The role of serotonergic (5-HT) neuromodulation in respiratory chemosensitivity

Abstract

Breathing must be regulated to maintain appropriate levels of oxygen and carbon dioxide. Breathing may be influenced by serotonergic (5-HT) neurons, sensitive to CO₂, which activate the brain's respiratory network. However, this role of 5-HT neurons as CO₂-sensitive chemoreceptors in unanesthetized animals is unclear. This study used an unanesthetized in situ perfused rat brainstem preparation to test the hypothesis that 5-HT neurons contribute to CO₂ ventilatory responses. Changes in phrenic nerve discharge patterns were monitored as gas-saturated solutions supplying the preparation were switched from 5%C0₂ to 7%C0₂ (balance 0₂).

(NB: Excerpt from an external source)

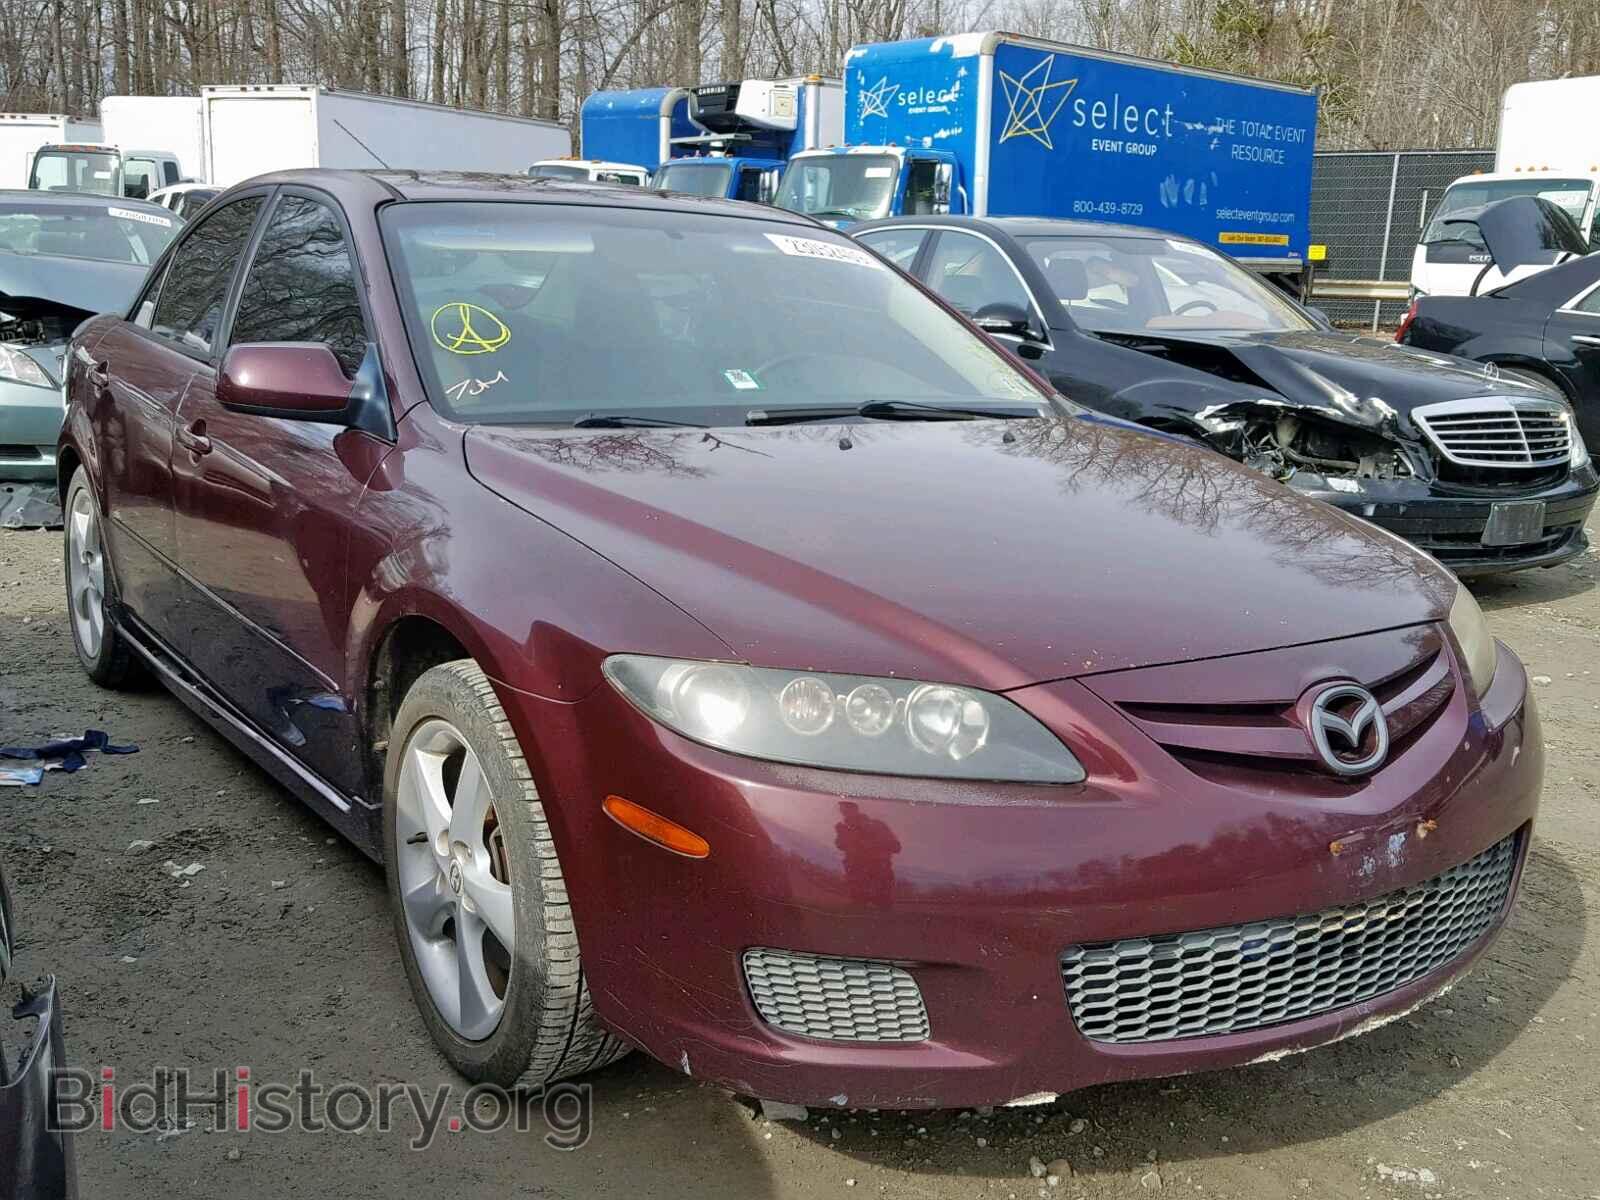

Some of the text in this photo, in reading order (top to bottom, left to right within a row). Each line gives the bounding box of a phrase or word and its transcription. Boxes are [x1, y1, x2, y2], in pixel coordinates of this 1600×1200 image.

The importance of 5-HT neurons was identified by comparing responses before and after application of the specific serotonin 1A receptor agonist 8-hydroxy-(dipropylamino) tetralin hydrobromide (8-OH-DPAT; at doses of 0, 1.5, 3, and 6 uM in the perfusate). The action of 8-OH-DPAT is to inhibit 5-HT neurons and reduce synaptic 5-HT release. Results indicated that changes in phrenic burst pattern similar to hypercapnic ventilatory responses observed in vivo, were greatly disrupted by 8-OH-DPAT treatment. These results illustrate that activation of 5-HT neurons is critical for CO₂ chemosensitivity in this in situ preparation and suggest that these neurons may play a key role in the regulation of breathing in otherwise intact animals.